Las estrellas representan mucho más que una realidad
objetiva y material. Las estrellas invitan a soñar, a pensar en voz alta, a
meditar en lo efímero de nuestras vidas y, también, en las inmensas
posibilidades de nuestro espíritu… en el supuesto de que quisiéramos
desarrollarlas.
En los magnos laberintos de piedra de las urbes
modernas, y sumido en su ambiente ensordecedor, nace un nuevo género humano, a
semblanza de las estrellas, que también nacen y mueren cada día en múltiples
lugares del Universo, brota una nueva humanidad, cada día más numerosa, pero
apartada de los murmullos de la fuente eterna de la Naturaleza. Y , si
bien es verdad que nunca llegaremos a ser tantos como las estrellas, al paso que
vamos, también es cierto que jamás estableceremos un nexo de unión entre
nosotros y la armonía universal.
En efecto, a quien observe la cultura humana con ojos
de filósofo, ¡cuán lento le parecerá el desarrollo de las múltiples
elucubraciones político-sociales en sus intentos por superar los
convencionalismos que rigen el proceso histórico!. Lenta es la aparición de las
mentes que contemplan la Tierra
como fértil huerto y jardín del género humano. En la mente humana hay alturas,
cimas de oleaje, profundidades y tersas llanuras. Es el mar de las creaciones
espirituales, cuyas olas más altaneras a veces van a perderse sin fuerza en las
playas yermas de la
Decadencia. El hombre del siglo XX propende a los objetivos y
lo material de una manera mercantilista y fría. Y las estrellas, que
científicamente se nos acercan, en realidad cada vez se hallan más lejos de
nosotros.
¿Por qué? Porque lo que el homo technologicus considera grande, no es más que una ciencia
llegada a un óptimo grado de desarrollo, como las maravillas de la electrónica
o de la astronáutica, que circundan el mundo, y se adentran en el espacio de
cuatro dimensiones, auténticas obras de arte de una joven ingeniería muy
refinada, pero a las que una persona sensible encuentra a faltar alma. A pesar
de sus logros, la ciencia y la técnica de nuestra época no tienen carisma,
están faltas del soplo del espíritu.
Para el observador que aún atesora dentro de su piel
el alma de las antiguas catedrales, la profunda melancolía de la noche
estrellada es como el eco redivivo de viejas y olvidadas canciones
tradicionales. Es como un sentimiento atávico que nos invita a reflexionar en
no sabemos qué remotos orígenes, porque el alma se nos eleva, se nos va hacia
arriba en busca de las esferas, como atraída por ellas, como si quisiera
retornar a una presentida patria sin nombre.
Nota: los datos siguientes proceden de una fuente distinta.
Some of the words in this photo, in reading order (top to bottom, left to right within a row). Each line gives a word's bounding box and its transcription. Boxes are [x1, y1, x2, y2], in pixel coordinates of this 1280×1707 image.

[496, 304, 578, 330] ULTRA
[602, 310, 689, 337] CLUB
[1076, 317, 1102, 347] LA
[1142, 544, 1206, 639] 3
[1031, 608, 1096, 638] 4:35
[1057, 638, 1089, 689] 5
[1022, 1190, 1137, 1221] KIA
Pero lo material, la lucha de todos contra todos,
propia de una absurda sociedad competitiva se ha convertido en la bandera del
mundo. Ajenas le son al hombre las estrellas como nunca lo habían sido. Frías,
distantes y mudas. Antaño la noche era viva. Todo, en este mundo y en el de las
estrellas, era vivo. Existía como un invisible lazo, un nexo de unión entre el
hombre y los relucientes astros. Hoy, millones de mundos, enjambres de soles
quedan eclipsados por la luz eléctrica de las populosas ciudades. El hombre de
nuestro tiempo, que vive y que plasma en esas urbes su carácter, ya no conoce
las estrellas. Cedieron su valimiento y el espacio de su idilio a los formidables
rascacielos de hierro y de cemento, de cristal y de acero. Un nuevo espíritu
dotado de otra inteligencia y de otro corazón se ha ido forjando, alejado de la
fuente clara y original de la naturaleza.
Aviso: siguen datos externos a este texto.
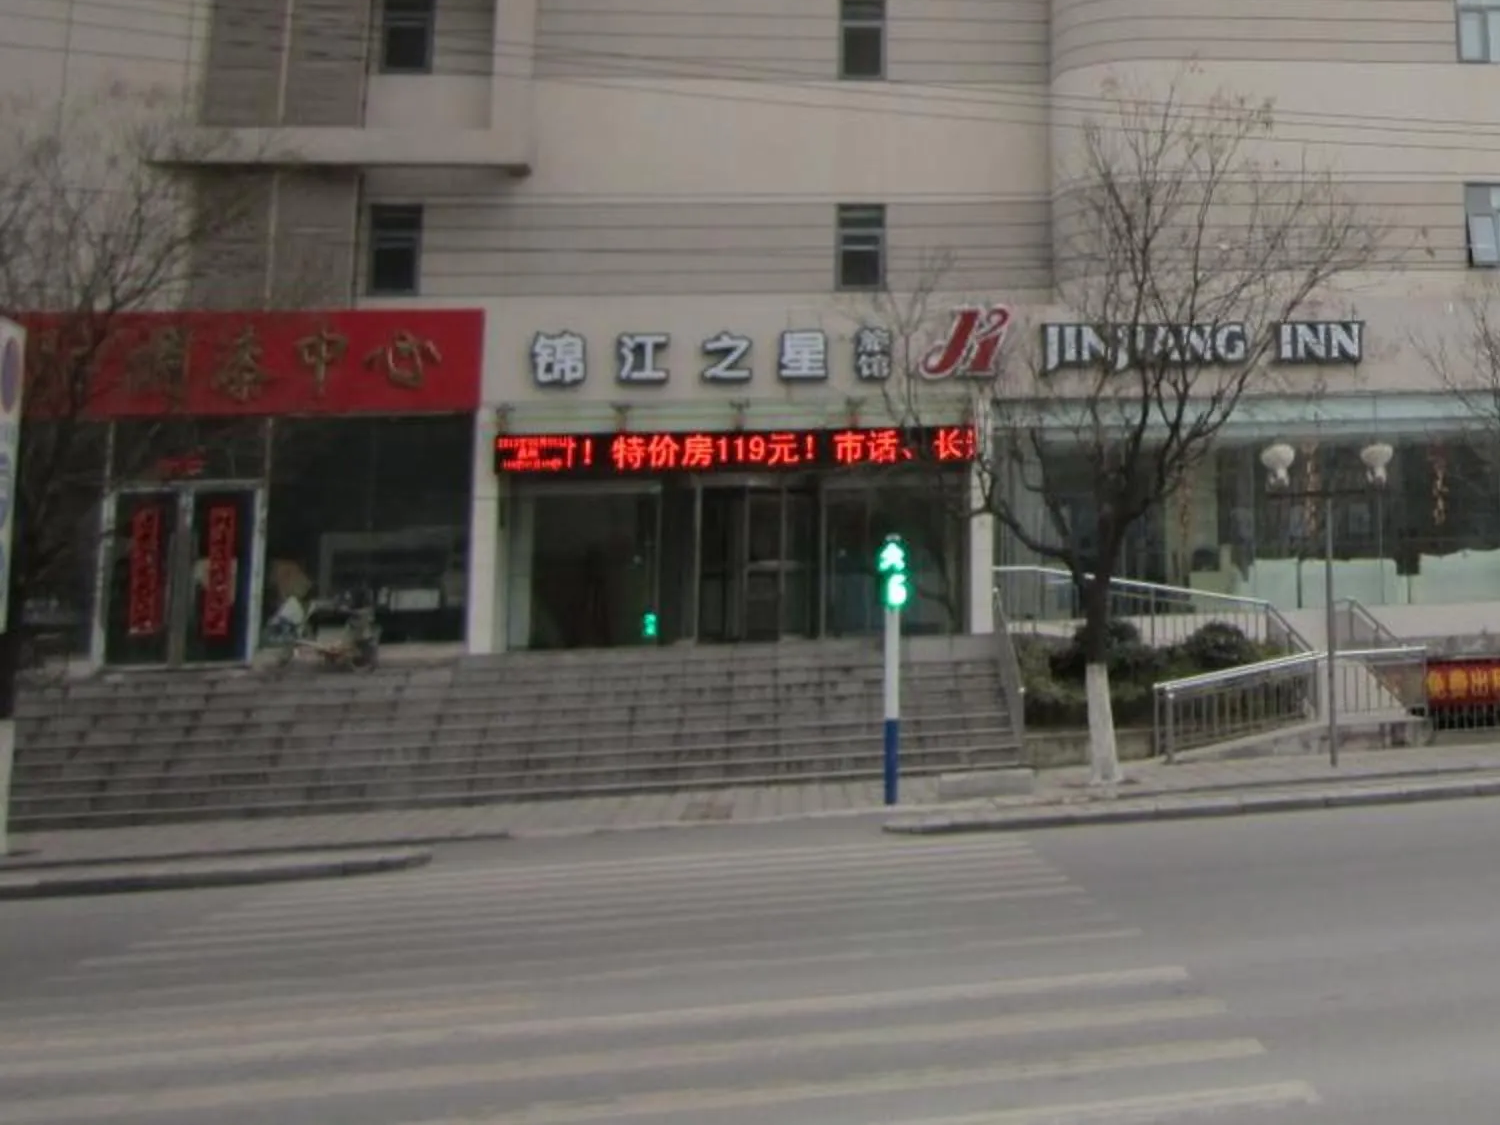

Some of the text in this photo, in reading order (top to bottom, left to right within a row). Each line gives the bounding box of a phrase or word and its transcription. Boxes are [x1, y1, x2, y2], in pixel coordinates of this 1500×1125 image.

[531, 326, 893, 384] 锦江之星 旅馆
[1277, 320, 1364, 362] INN
Nunca han estado las estrellas más distantes de los
hombres, y ellos tan cerca de ellas. Poderosos telescopios, aparatos de la
mayor precisión, obras portentosas de la técnica fotográfica… es de ese modo
que nos acercamos a las estrellas. Pero, ¿es una cercanía real? ¿Llegamos a la
esencia verdadera de lo real? ¿O bien solo logramos hilaciones aparentes,
producidas por nuestra limitada comprensión? Finalmente, ¿acaso de lo
inasequible e inconmensurable sacamos una estructura formal, para edificar algo
tangible a semblanza de nuestra facultad creadora?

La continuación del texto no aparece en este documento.